Parmi les mannequins enveloppés de papier blanc que les techniciens du musée font rouler vers les lieux assignés, il reconnaît le sien. Nous sommes en train d’installer l’exposition « Louvre couture. Objets d’art, objets de mode » qui débute demain 24 janvier et se poursuit jusqu’au 21 juillet. Le papier de soie léger soulevé par un coup de vent impatient dévoile un ensemble haute couture assez insolite. Nous ne sommes ici ni dans les drapés conventionnels, ni dans le bouillonnement du satin, ni dans les torrents de broderies qu’impose le genre. Son modèle se compose d’un pull et d’une jupe, et là commence l’art qui transcende et transfigure le banal.

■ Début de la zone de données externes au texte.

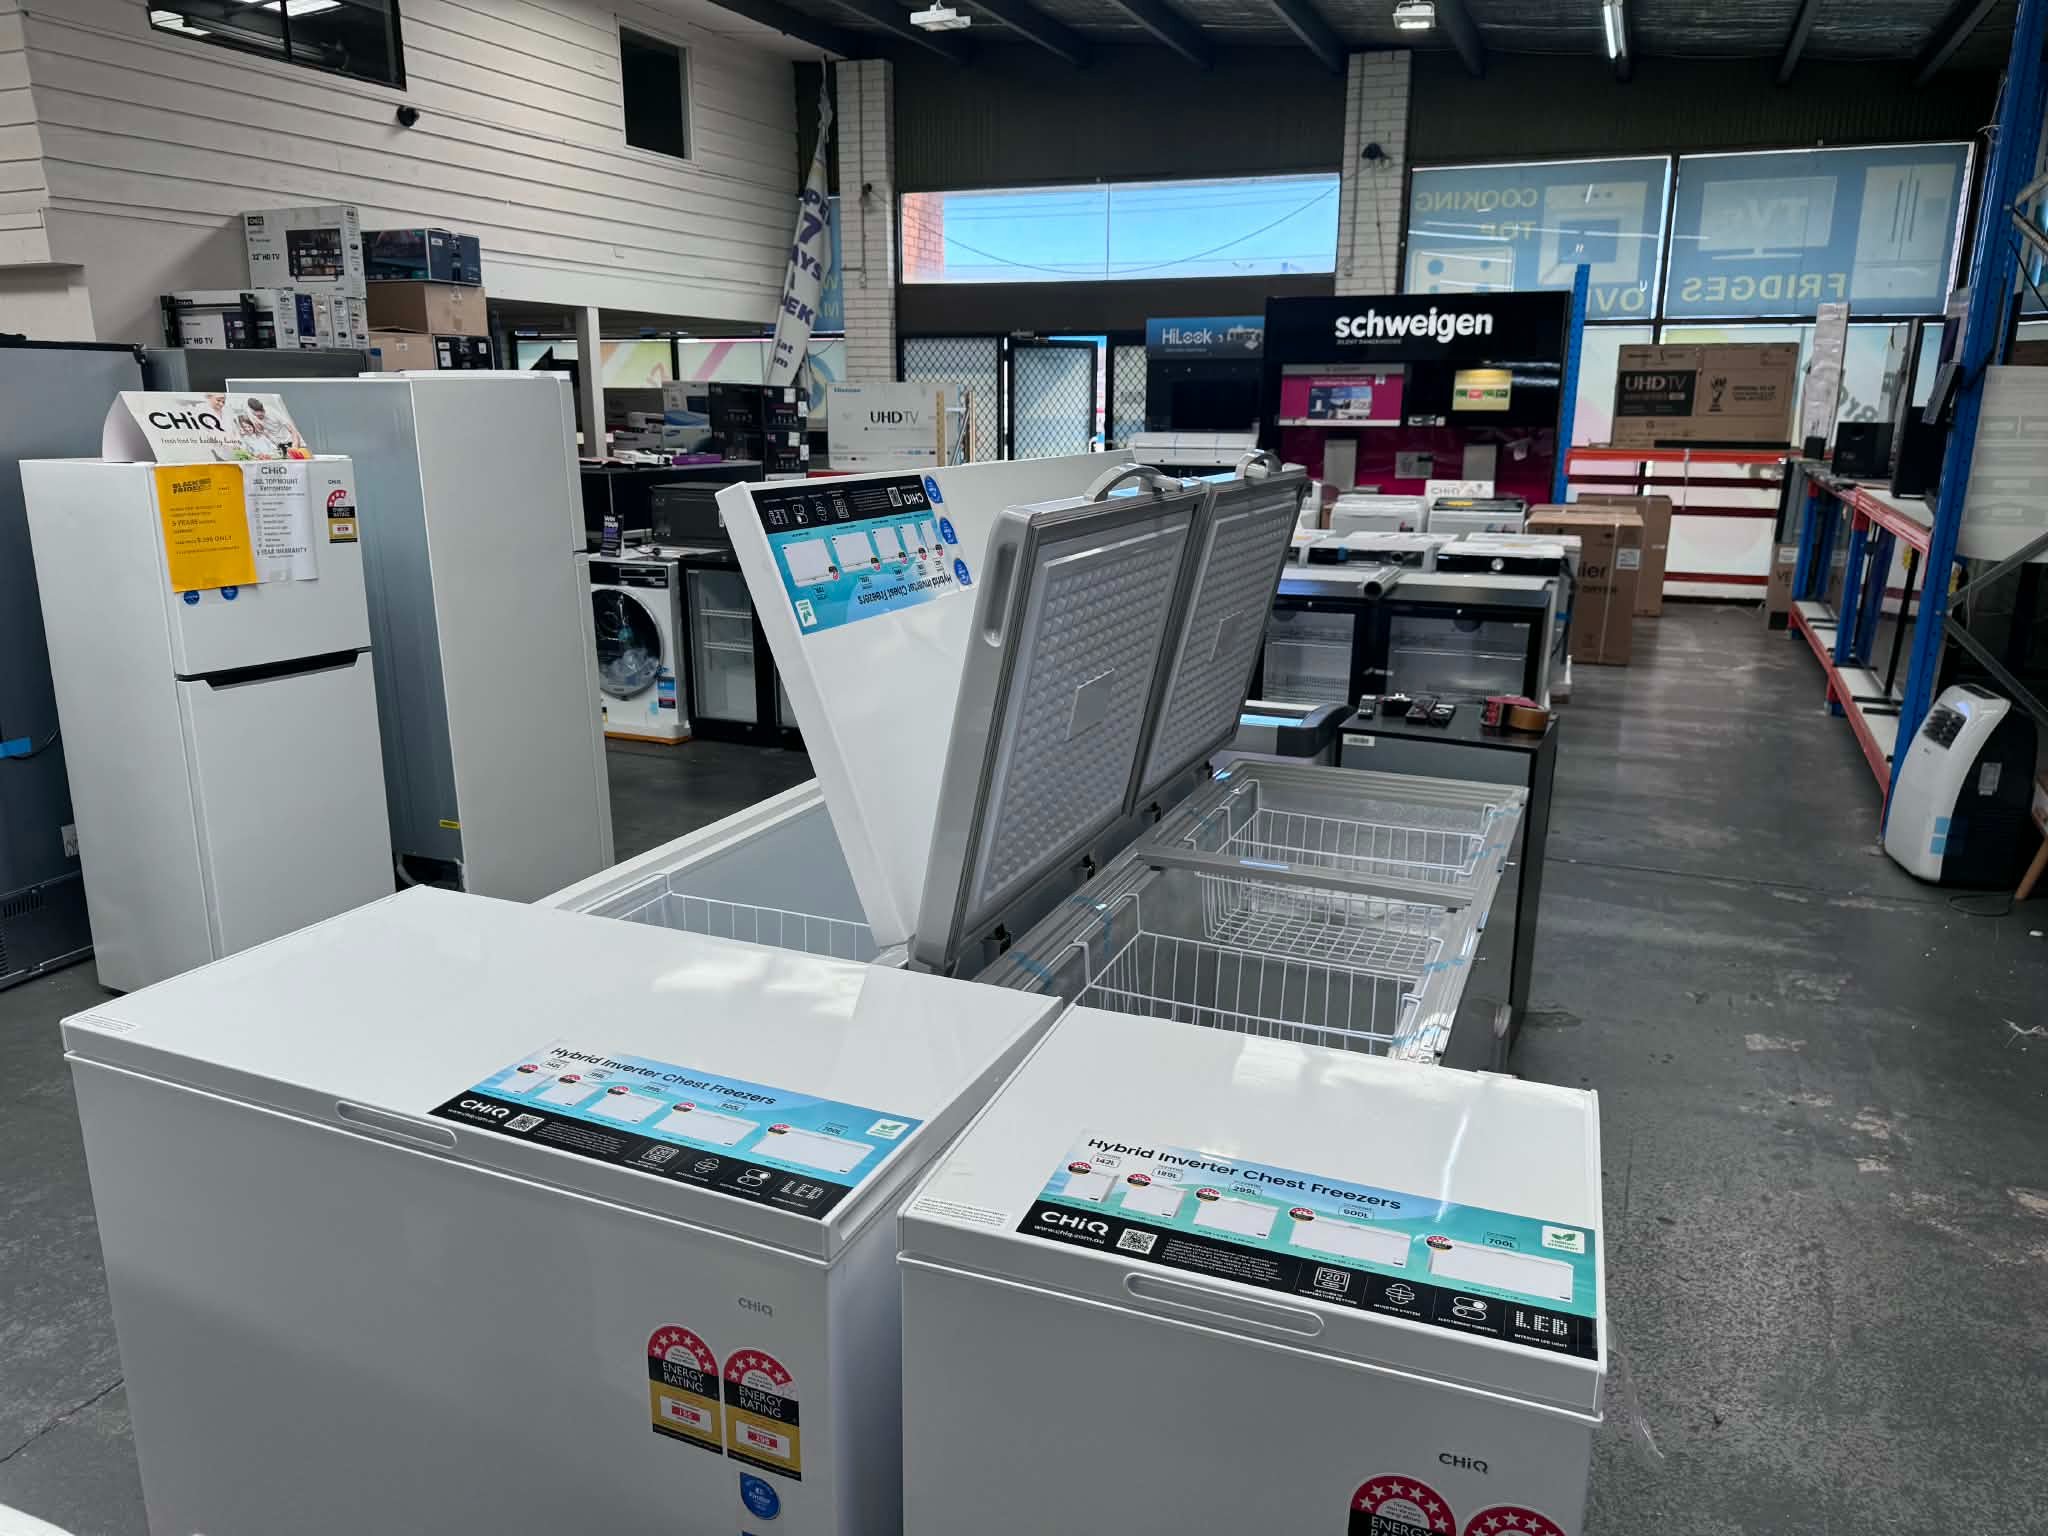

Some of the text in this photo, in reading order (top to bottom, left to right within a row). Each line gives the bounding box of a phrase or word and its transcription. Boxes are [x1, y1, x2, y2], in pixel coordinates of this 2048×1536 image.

[800, 210, 823, 245] 7
[1334, 306, 1493, 344] schweigen
[148, 411, 225, 432] CHiQ
[551, 1048, 778, 1106] Hybrid Inverter Chest Freezers
[459, 1099, 511, 1119] CHiQ
[1087, 1138, 1401, 1210] Hybrid Inverter Chest Freezers
[1040, 1211, 1109, 1237] CHiQ
[1489, 1238, 1515, 1249] 700L
[738, 1297, 773, 1318] CHiQ
[1515, 1310, 1568, 1336] LED
[662, 1361, 705, 1382] ENERGY
[663, 1372, 704, 1394] RATING
[738, 1384, 783, 1409] ENERGY
[740, 1397, 782, 1419] RATING
[1438, 1452, 1490, 1475] CHiQ

« De Jdeidet Ghazir au Louvre ! » »
Au pied du mannequin no. 6, vêtu d’un pull en galon de fils métalliques et d’une jupe de la même matière, à rayures d’organza et rubans vieil or, une petite pancarte sur laquelle on lit : « Rabih Kayrouz, 1973, Jdeidet Ghazir, Liban ». « De Jdeidet Ghazir au Louvre ! » » dit le créateur, et le vertige de la distance surgit entre l’obscur petit village libanais où il est né et ce haut lieu de la culture mondiale qu’est le Louvre – tout simplement le plus grand musée du monde. . Comment ne pas comprendre l’émotion ? « Depuis que j’ai reçu ce mail d’Olivier Gabet, le commissaire de l’exposition, je suis toujours incrédule », avoue Kayrouz. « Me voici au Louvre. Plutôt… une de mes créations est au Louvre. Elle se tient là, debout, derrière le calice de Saint Louis, au cœur des objets d’art du Moyen Âge français, de Byzance. Je ne peux m’empêcher de penser à l’enfant que j’étais, rêvant d’être grande. Mais le Louvre ? Non, je n’en ai jamais rêvé. Le Louvre était pour les autres. Et pourtant, me voilà… » écrit-il en légende de cette image qui ne le quitte plus : dès l’entrée de l’exposition, le pull, la jupe, le bras levé du mannequin noir posé sur le podium en acier chatoyant qu’il partage avec un modèle emblématique de Chanel. Cette tunique noire et son pantalon tressé, brodé d’or de motifs orientaux, font partie de la somptueuse collection créée par Karl Lagerfeld en 2010 avec l’impératrice Théodora comme égérie. Il s’agissait de la dixième édition du projet « métiers d’art », destiné à célébrer le savoir-faire exceptionnel des artisans de la maison. Le défilé s’est déroulé dans les salons du fleuron de Chanel, rue Cambon.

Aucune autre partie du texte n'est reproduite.